The thought that comes from my heart is: Go with what *your heart* says.
Bless you & your sweet baby. 

Cindy


----------



## Skyeking

bradygirl said:


> I talked to the vet and he seems to think that it is a mute point, and probably needs to be put down...I told him I was going to think about it and bring him over later....I can tell him to give the meds, But truthfully I respect all of you.. what are the odds that he will be able to function if he recovers from this...It is horrible watching him all of a sudden start flailing around, or make an attempt to eat but not be able to because he falls face forwrd into it... I love him so much..I have been crying all day...I don't want him to suffer if he is going to live, but still be unable to walk ect... his one leg is so far out in front of him I wonder how that would ever get fixed.... I don't want to put him to sleep if I don't have to, but I also don't want him to have to live like this.... I have been giving him drinks of water and feeding him some seeds...I had someone else tell me that it could be PMV....and that it could take weeks fro him to recover if at all...what are your thoughts..I am supposed to take him over around 5pm EST..so I really need to think this thru alot....any thoughts or feelings from the heart would really be greatly appreciated. I am really new to having birds, but I can tell you the pain of watching him like this is like my own child being sick...



bradygirl,

I'm so sorry your bird is not doing so well, and I can imagine how overwhelming all this must be for you, and so hard for the bird. 

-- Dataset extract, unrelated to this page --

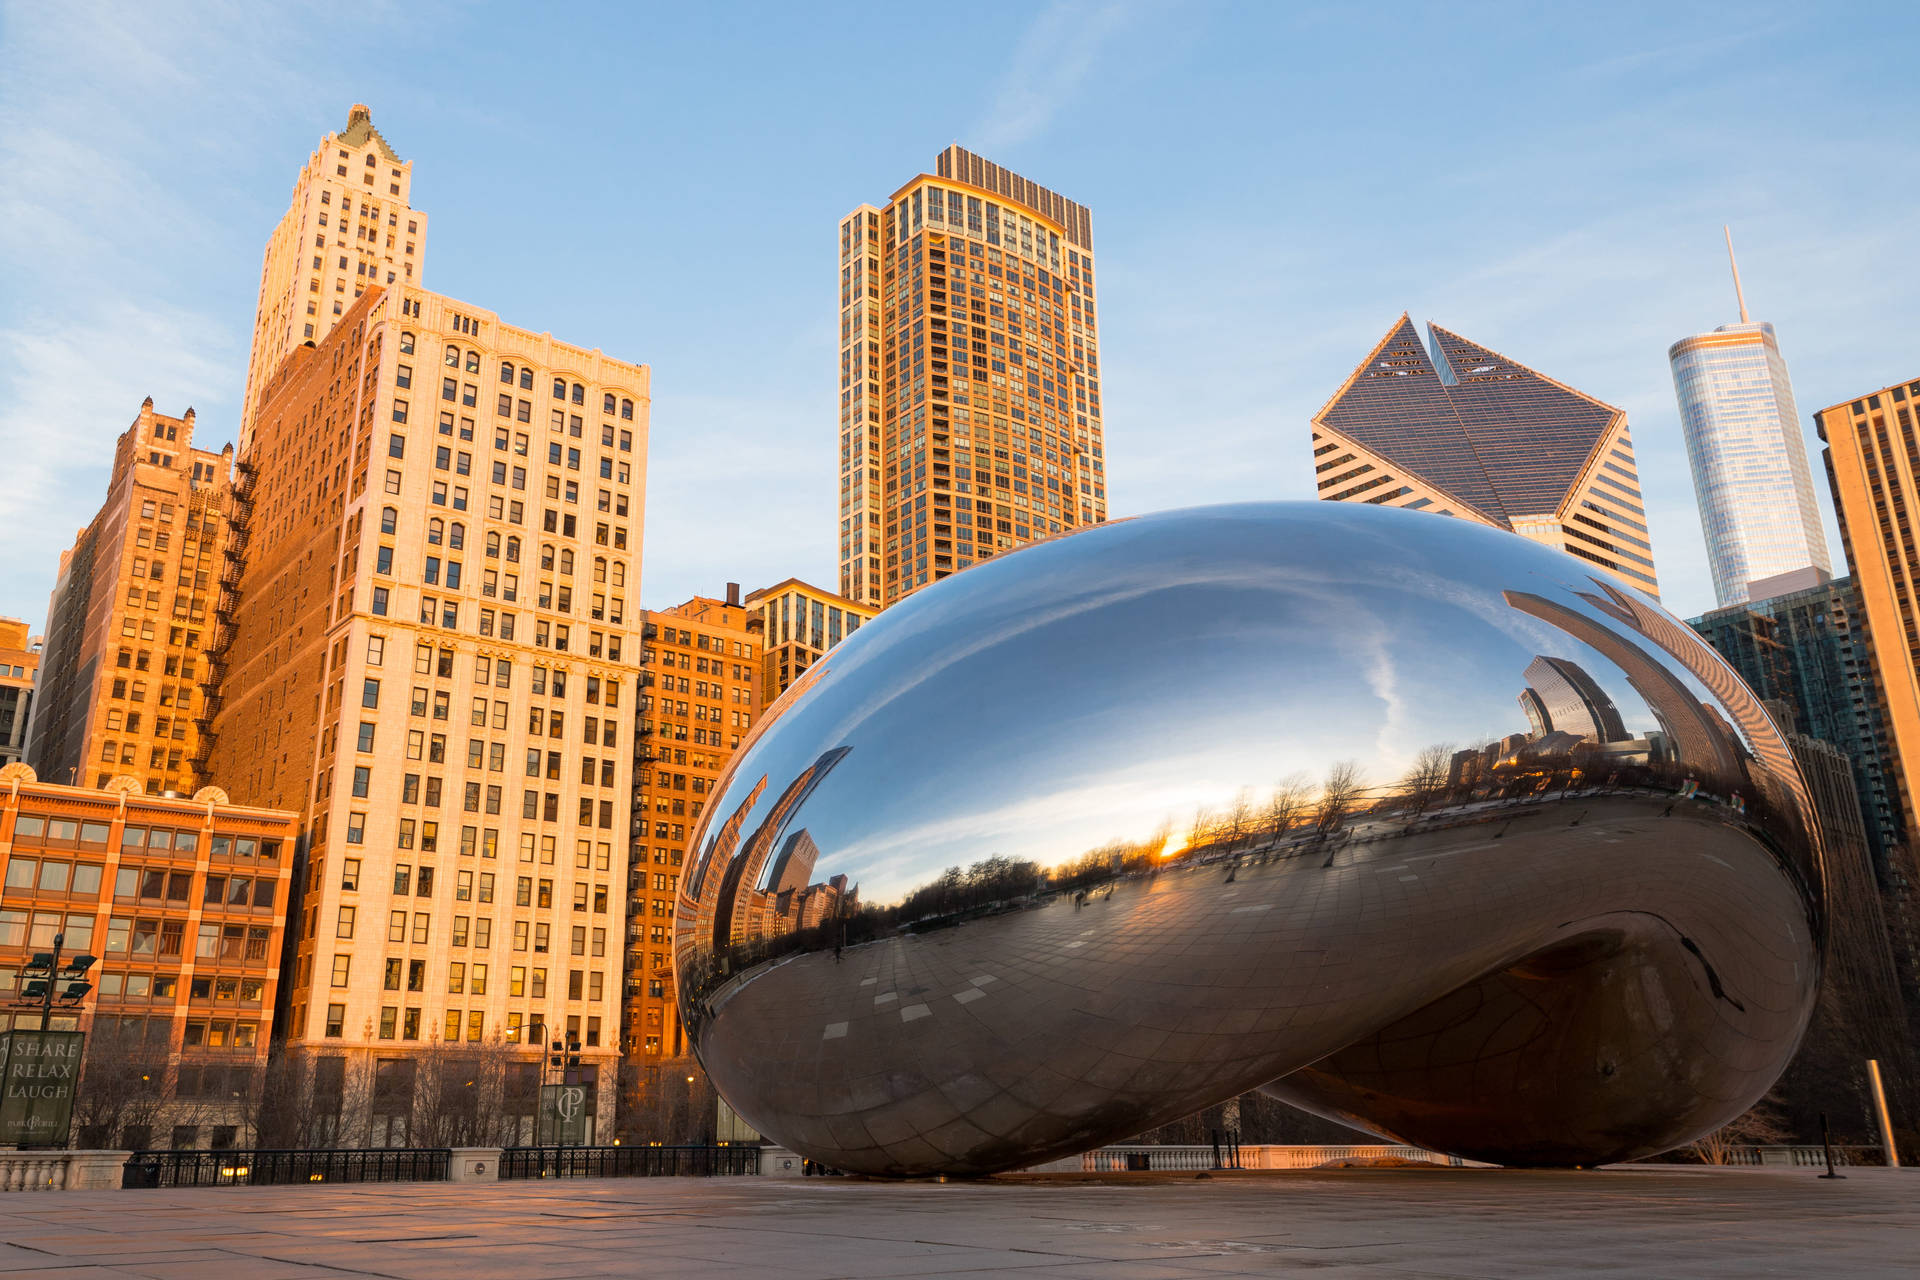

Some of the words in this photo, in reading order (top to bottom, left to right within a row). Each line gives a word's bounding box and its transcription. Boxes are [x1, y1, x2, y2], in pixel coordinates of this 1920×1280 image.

[15, 1042, 77, 1057] SHARE
[13, 1063, 72, 1079] RELAX
[8, 1085, 69, 1099] LAUGH
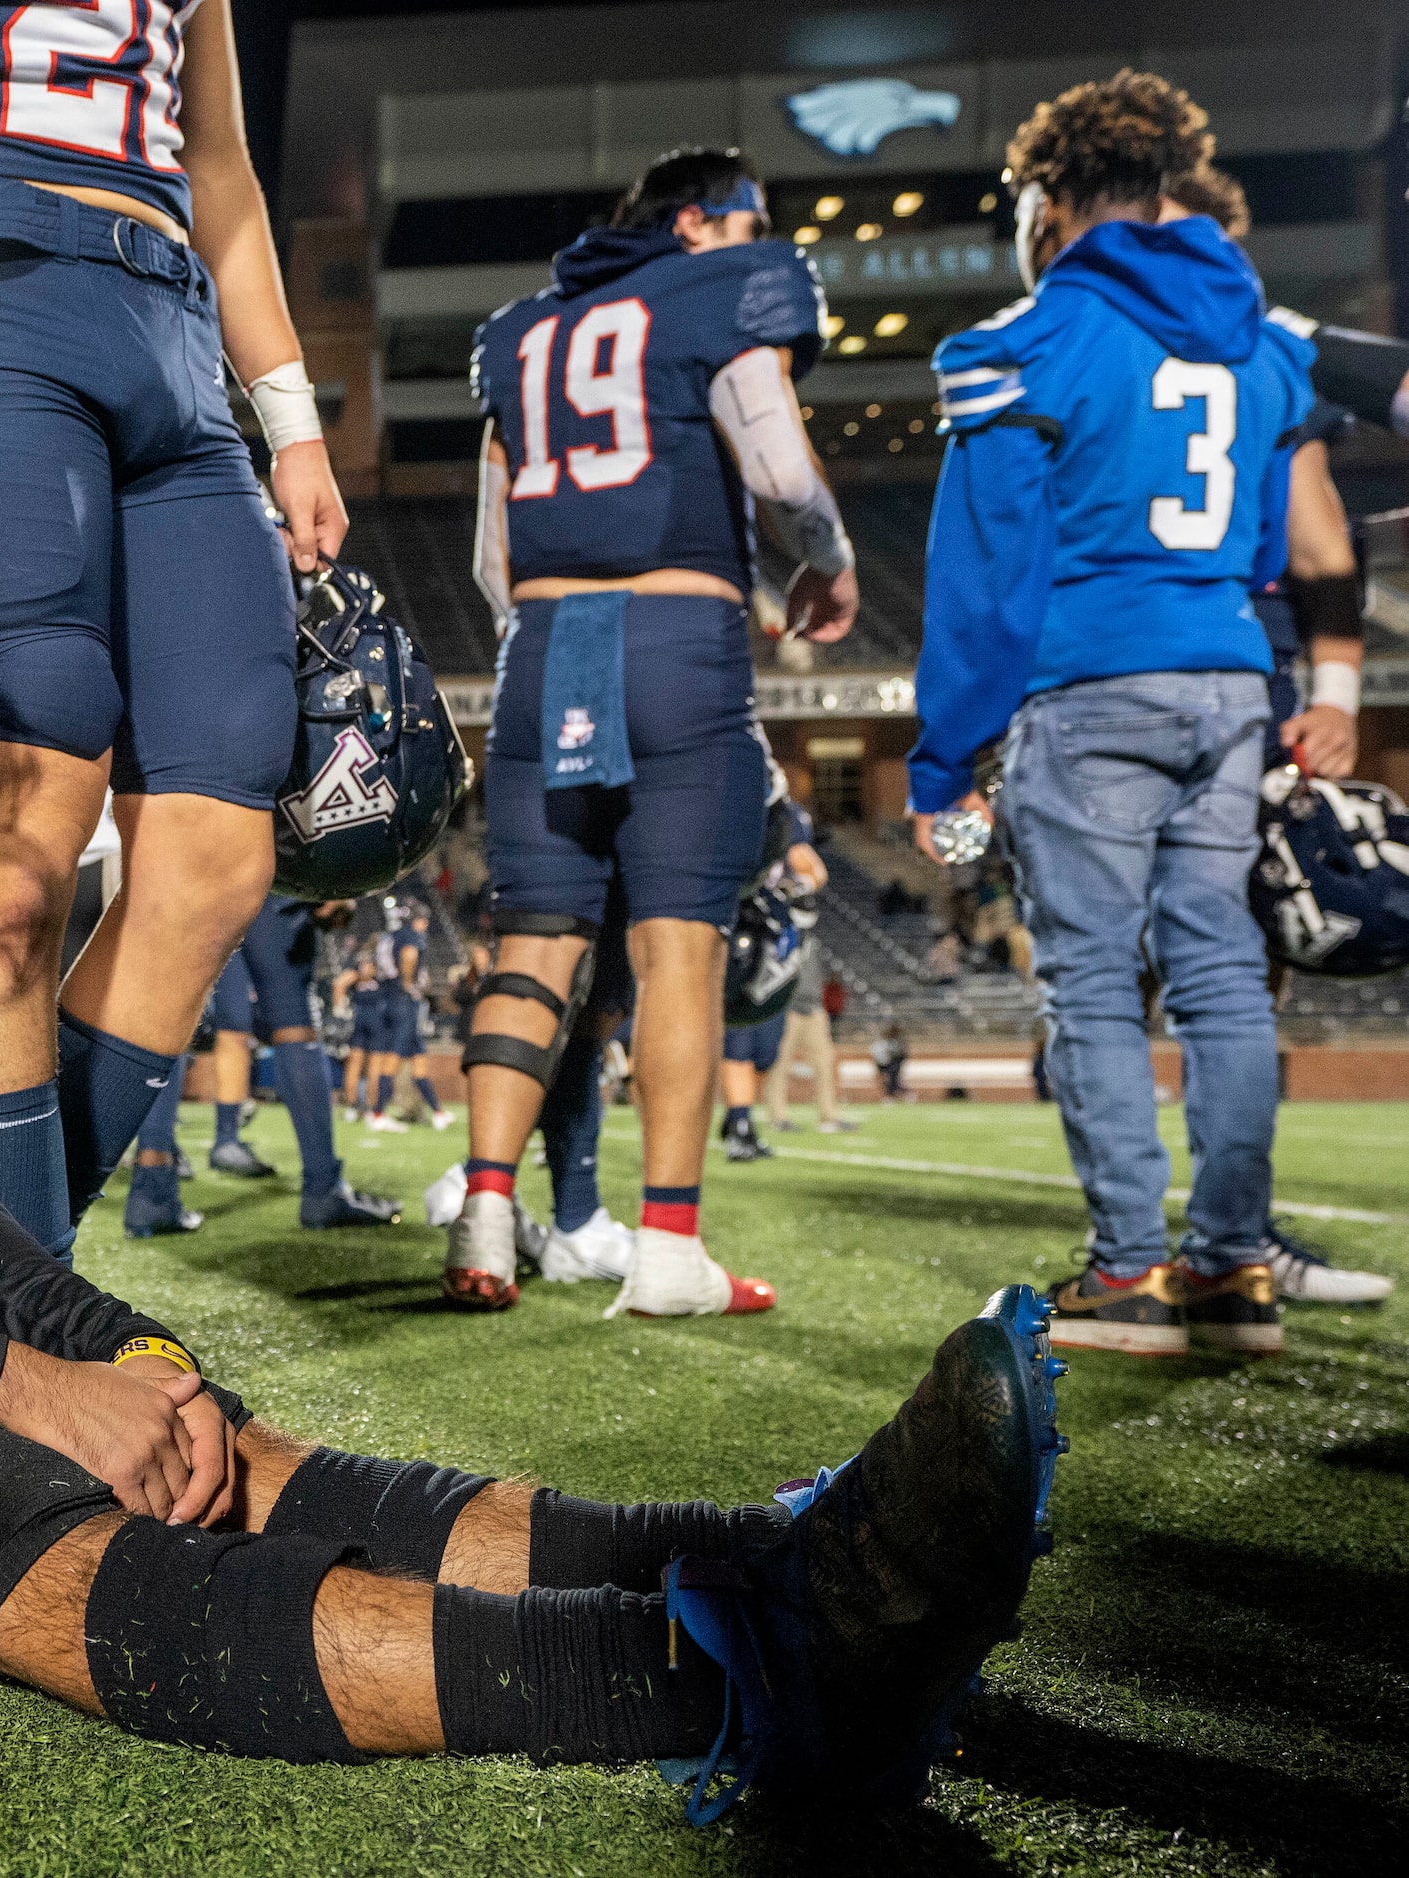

Please don't let all the information overwhelm you and cause you to be confused. 

You need to have an accurate diagnosis and that is sometiimes very hard to get with a vet, as they don't get too many pigeons. 

Please listen to those of us here that HAVE had extensive experience with pigeons and can help you to make the right decision, although based on your description of symptoms, they are doing their best.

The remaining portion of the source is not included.